Among patients with resectable non–small cell lung cancer (NSCLC), neoadjuvant nivolumab combined with chemotherapy led to significantly longer event-free survivaland more frequent pathological complete response in patients than chemotherapy alone.
“Our data show that three cycles of neoadjuvant nivolumab plus chemotherapy improved long-term clinical outcomes in patients with resectable stage IB-IIIA NSCLC without impeding the feasibility of surgery or increasing the incidence of adverse events as compared with chemotherapy alone,” wrote the investigators, who were led by Patrick M. Forde, MB, BCh, Johns Hopkins Kimmel Cancer Center, Baltimore. The study was published online in the New England Journal of Medicine.
Nivolumab (Opdivo, Bristol-Myers Squibb), in combination with platinum-doublet chemotherapy, was approved in March by the Food and Drug Administration as a treatment for adults with early-stage, resectable NSCLC. It is the first approval of a neoadjuvant therapy for this patient population. The results of the study, called CheckMate 816, formed the basis of the approval.
About one in four NSCLC patients have resectable disease at diagnosis, but their mortality rate is 30%-55% even after surgery. Neoadjuvant chemotherapy improves survival in this group, but 5-year recurrence rates improve by just 5%-6%, and rates of pathological complete response are low.
In the neoadjuvant setting, the anti–programmed death 1 (PD-1) antibody nivolumab could reduce micrometastases and boost immune response against bulk tumor and tumor antigens. A phase 2 study published in the Journal of Thoracic Oncology showed that neoadjuvant nivolumab combined with chemotherapy conferred good 3-year overall survival (81.9%) and progression-free survival (69.6%) among patients with stage IIIA NSCLC.
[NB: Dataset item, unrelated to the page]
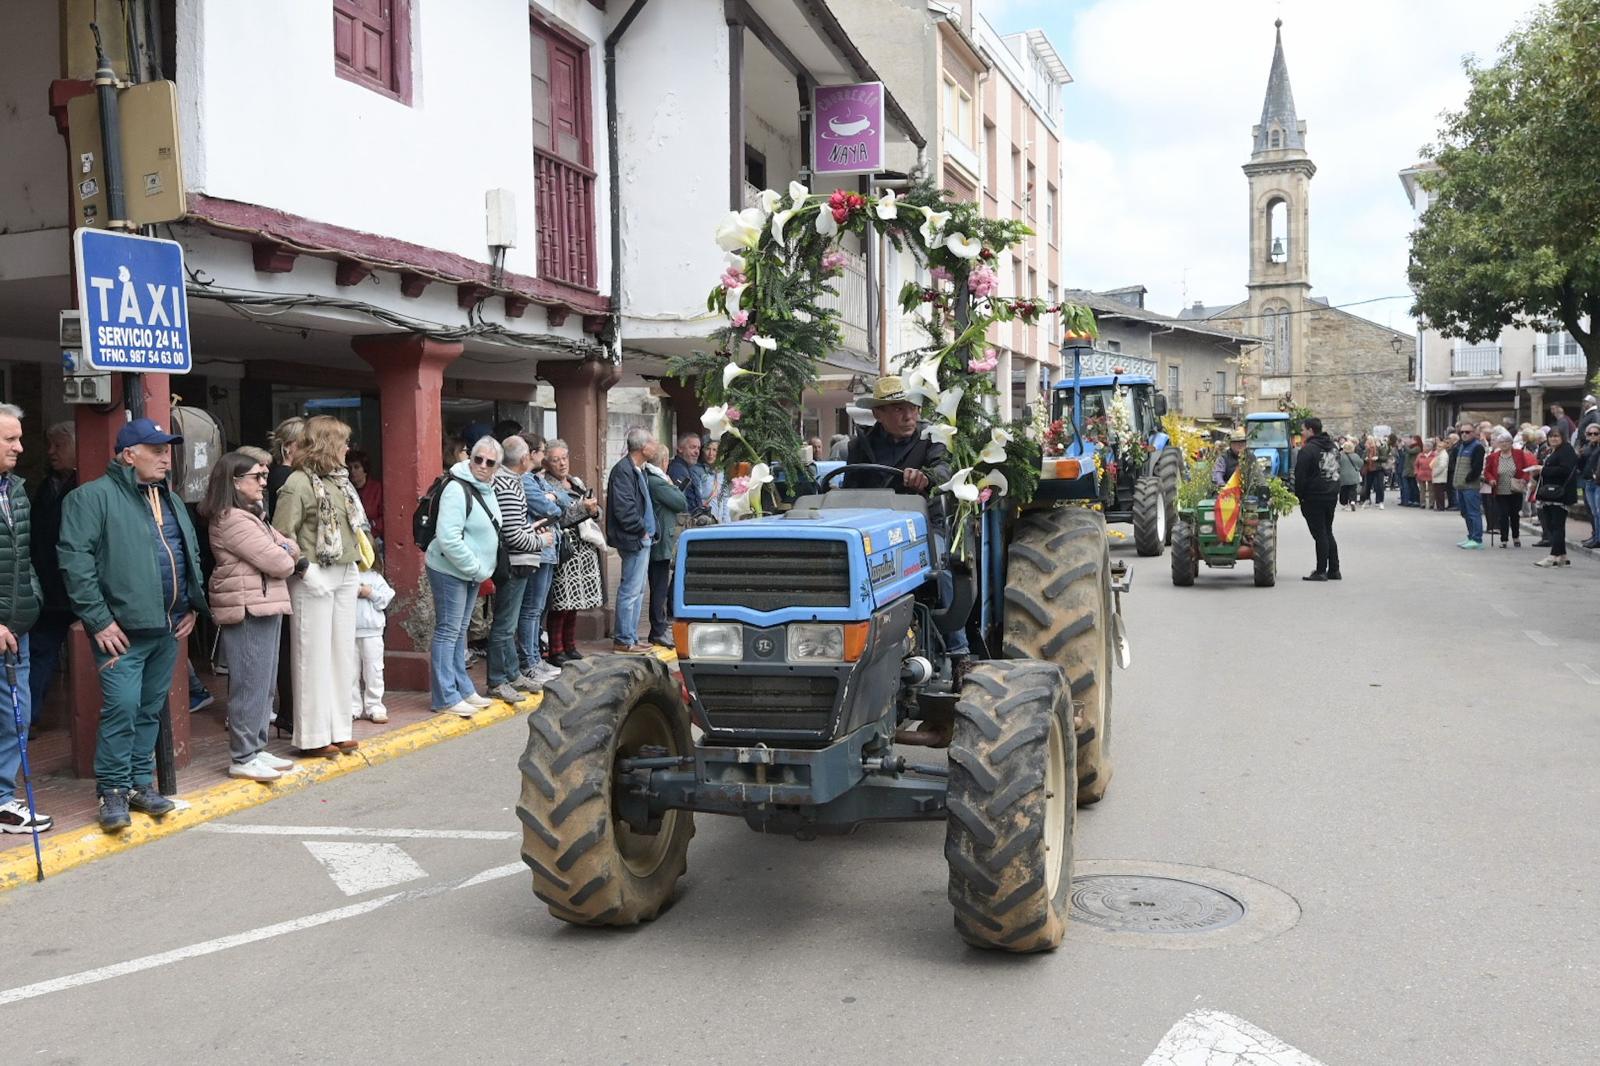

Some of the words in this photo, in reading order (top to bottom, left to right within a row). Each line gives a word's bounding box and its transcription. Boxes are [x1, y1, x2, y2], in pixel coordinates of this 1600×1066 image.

Results From CheckMate 816
CheckMate 816 is an open-label, phase 3 trial in which 358 patients were randomized to a neoadjuvant course of 360 mg nivolumab and platinum-doublet chemotherapy or platinum-doublet chemotherapy alone. Treatments occurred every 3 weeks for three cycles.
Definitive surgery was performed in 83.2% of the combination group (R0, 83.2%) and 75.4% in the chemotherapy-only group (R0, 77.8%). 93.8% in the combined group and 84.7% in the chemotherapy-only group completed neoadjuvant treatment. 11.9% of the combination group and 22.2% in the chemotherapy-only group underwent adjuvant therapy. A total of 21.2% in the combination group had cancer therapy versus 43.6% of the chemotherapy-only group.
After a minimum follow-up of 21 months, the combination group had a median event-free survival of 31.6 months versus 20.8 months in the chemotherapy-only group (hazard ratio for disease progression, disease recurrence, or death, 0.63; P = .005). The interim analysis for overall survival showed a possible trend towards improved overall survival in the combination group (HR, 0.57; 99.67% confidence interval, 0.30-1.07; P = .0008).
A total of 24.0% of the combination therapy achieved a pathological complete response versus 2.2% in the chemotherapy-only group (odds ratio, 13.94; P < .001).
Grade 3 or 4 treatment-related adverse events occurred in 33.5% of the combination group and 36.9% of the chemotherapy-only group.
The researchers noted that 63.1% of patients in the study had stage IIIA tumors, which has a poor prognosis.
There were benefits to the combination treatment across PD-1–status subgroups, but event-free survival was higher where PD-L1 expression level was 1% or more.
The study is limited by its open-label nature. It was funded by Bristol-Myers Squibb.